Despite being the only coach in Wildcat history to win a national championship in his very first season, beleaguered head coach Tubby Smith left the Bluegrass kingdom in a cloud of dust just days after completing his second consecutive season with double digit losses and another SEC middle of the pack finish. Shortly thereafter, new head coach Billy Clyde Gillispie arrived in Lexington to fanfare fit for royalty. The King is dead. Long live the King.
Gillispie is a coach with a reputation for a relentless work ethic and a track record for winning games and pulling in the top recruits--all qualities perceived to have been lacking in Kentucky basketball in recent years. And when the fans met their new coach, it was love at first sight. But only time will tell how long the romance lasts, or what will happen when the relationship meets its first bump in the road.
The former Texas A&M coach will inherit a team that finished 22-12 (9-7 SEC) last year. In most cases, a first-year coach taking over a team with 22 wins would be doing hand stands and cart wheels. But this is Kentucky, and in the Bluegrass State, 22 wins means little unless there are SEC Championships and deep NCAA Tournament runs that go along with them.
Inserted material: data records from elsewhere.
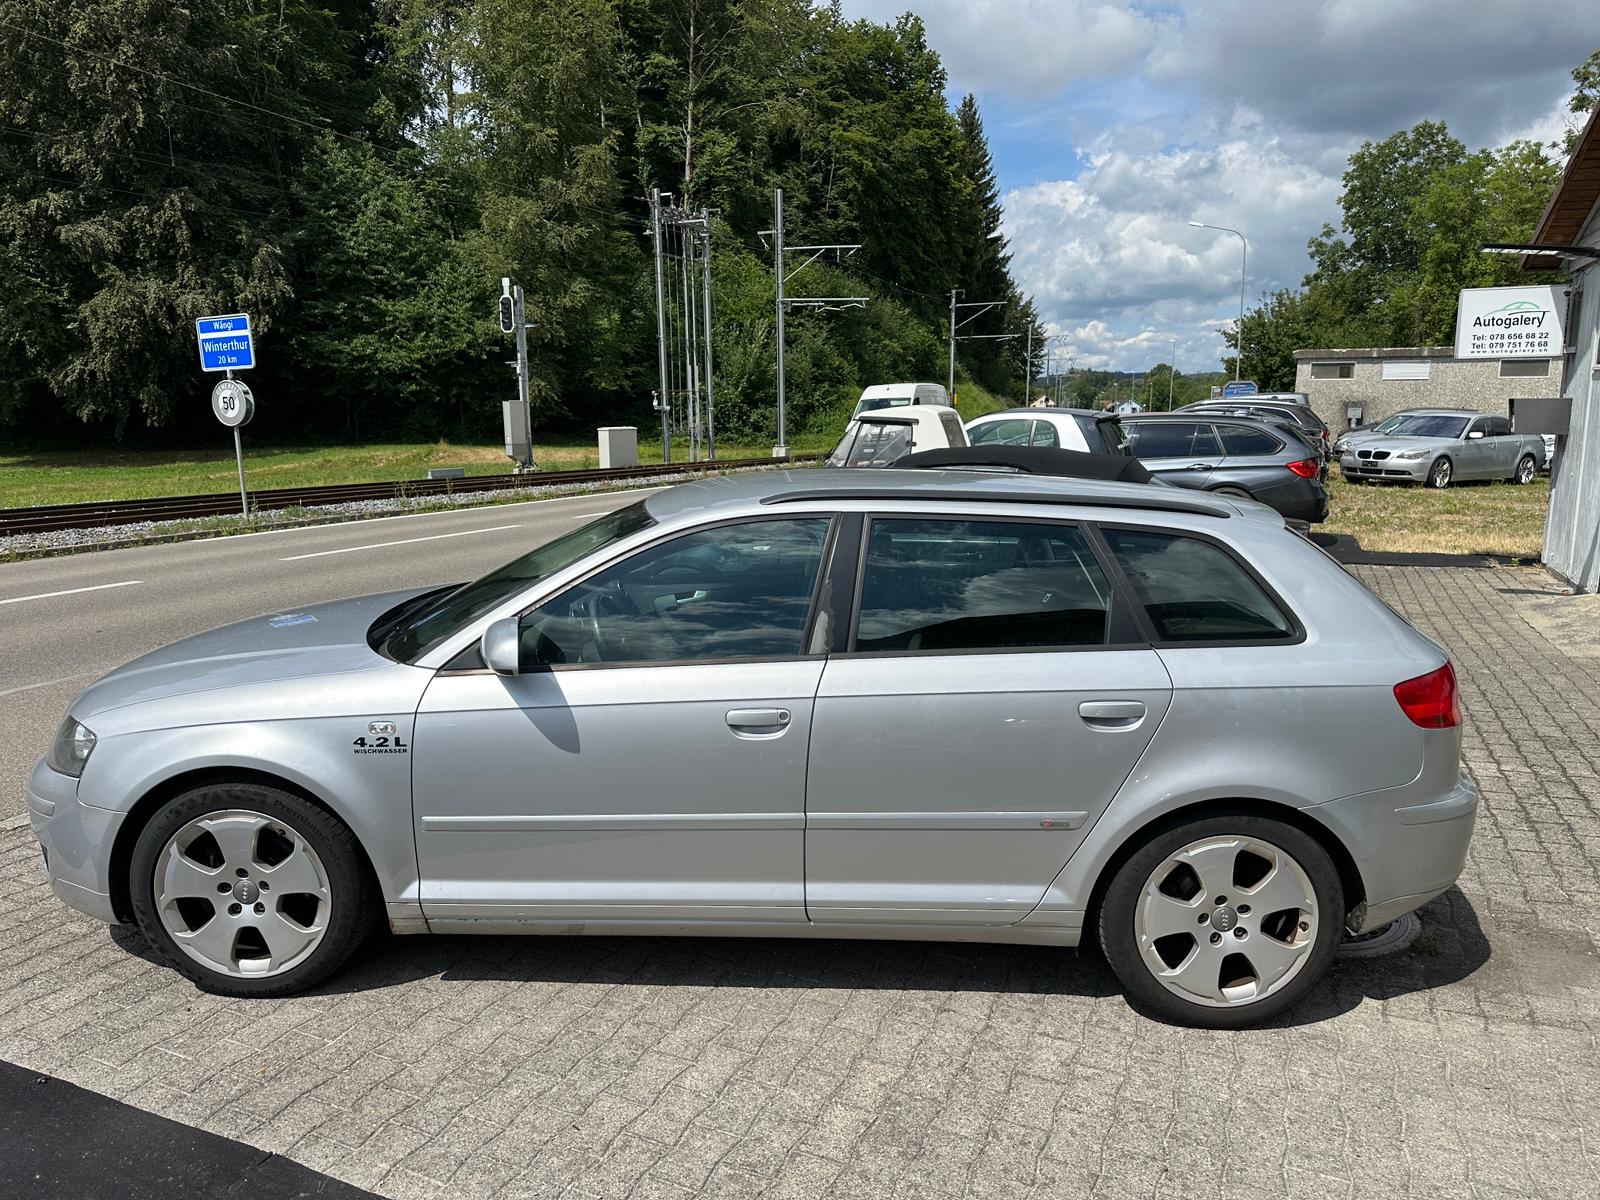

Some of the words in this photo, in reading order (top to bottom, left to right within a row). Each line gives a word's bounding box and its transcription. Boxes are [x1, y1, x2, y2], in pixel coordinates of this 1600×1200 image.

[1473, 312, 1545, 329] Autogalery
[203, 340, 248, 352] Winterthur
[218, 356, 226, 364] 20
[228, 355, 237, 363] km
[223, 396, 235, 410] 50
The bad news for Gillispie is that the Wildcats' only productive big man, Randolph Morris, headed to the NBA, foregoing his senior season. Worse, the most productive returning big man, Perry Stevenson (2.9 points and 2.2 rebounds per game), is a 6-9 string bean who averaged just over five minutes per game in the last 11 games of the season.
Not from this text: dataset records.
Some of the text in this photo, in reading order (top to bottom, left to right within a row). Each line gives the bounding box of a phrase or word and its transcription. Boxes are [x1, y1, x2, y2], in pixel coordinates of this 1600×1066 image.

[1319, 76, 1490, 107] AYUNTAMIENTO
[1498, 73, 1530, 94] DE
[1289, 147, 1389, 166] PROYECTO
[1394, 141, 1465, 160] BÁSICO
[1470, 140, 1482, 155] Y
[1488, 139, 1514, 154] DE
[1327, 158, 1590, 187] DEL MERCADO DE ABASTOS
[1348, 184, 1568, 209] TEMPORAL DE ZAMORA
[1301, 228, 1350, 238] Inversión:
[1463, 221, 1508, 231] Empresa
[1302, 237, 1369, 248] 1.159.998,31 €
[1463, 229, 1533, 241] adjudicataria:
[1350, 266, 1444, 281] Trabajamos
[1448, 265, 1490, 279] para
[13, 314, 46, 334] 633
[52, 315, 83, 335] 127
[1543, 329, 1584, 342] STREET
All is not lost, however. In one of his first acts as head coach, Gillispie put the finishing touches on a McDonald's All-America power forward, landing 6-9 Patrick Patterson, who chose the Wildcats over Duke and Florida.
Though Patterson will provide immediate help in the paint, the Wildcats will be looking to unproven veterans and untried freshmen to support Patterson on the blocks. Sophomore Jared Carter (7-2) was hurt much of his first season and off season surgery makes his potential contributions questionable. Stevenson reported to new strength and conditioning coach Todd Forcier at an anemic 188 pounds. Freshman forward, A. J. Stewart (6-8) and Mike Williams (6-11) are raw and in need of development.
The good news is that the Cats have a plethora of big, athletic and talented guards. Seniors Joe Crawford (leading returning scorer, 14.0 points) and Ramel Bradley (13.4 points) anchor the backcourt and sophomore sensation Jodie Meeks (8.7 points) is a superstar in the making. Derrick Jasper (6-6) ran the point much of the year as a freshman and can play three positions for Kentucky. Highly-regarded freshman Alex Legion can shoot the lights out and will find his share of minutes behind that firepower.
Gillispie has alluded that he will experiment with three or maybe even four-guard lineups and the Cats may have enough speed and athleticism to pull that off. While it remains to be seen how these small quick lineups will work against some of the beefy front lines in the league, the Cats should be Tennessee's primary challenger for the SEC East title.